Retype the entries below exactly, and keep every picture out of your version.

**EXCERPTED DATA**:
########################################

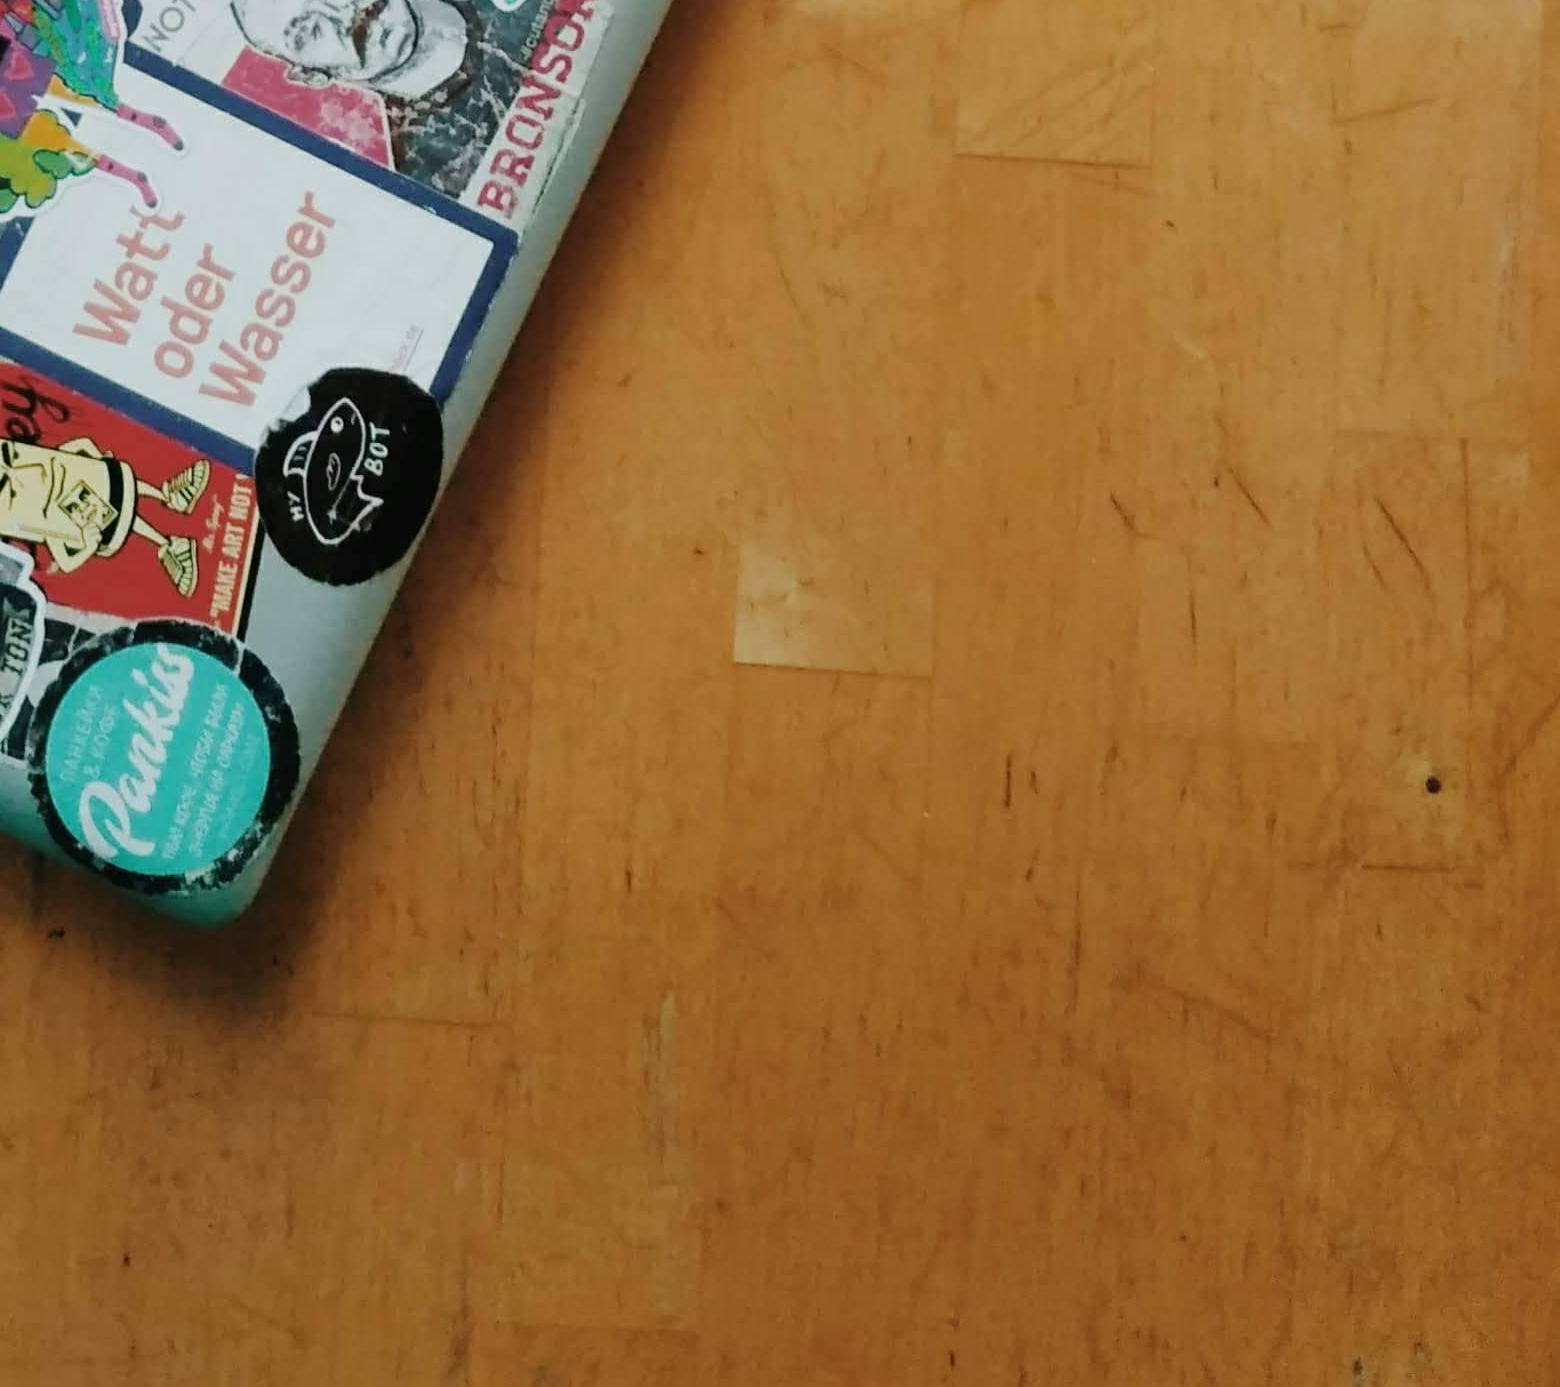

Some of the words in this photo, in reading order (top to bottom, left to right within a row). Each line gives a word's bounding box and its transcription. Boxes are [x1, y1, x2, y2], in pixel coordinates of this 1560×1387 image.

[72, 201, 185, 348] Watt
[153, 242, 237, 380] oder
[199, 192, 336, 408] Wasser
[364, 423, 389, 475] BOT
[222, 523, 244, 559] ART
[229, 484, 251, 520] NOT
[0, 621, 31, 675] TON
[76, 645, 195, 860] Pankiss

########################################

**WRITTEN SOLUTION**:
Some of the words in this photo, in reading order (top to bottom, left to right within a row). Each line gives a word's bounding box and its transcription. Boxes are [x1, y1, x2, y2], in pixel coordinates of this 1560×1387 image.

[72, 201, 185, 348] Watt
[153, 242, 237, 380] oder
[199, 192, 336, 408] Wasser
[364, 423, 389, 475] BOT
[222, 523, 244, 559] ART
[229, 484, 251, 520] NOT
[0, 621, 31, 675] TON
[76, 645, 195, 860] Pankiss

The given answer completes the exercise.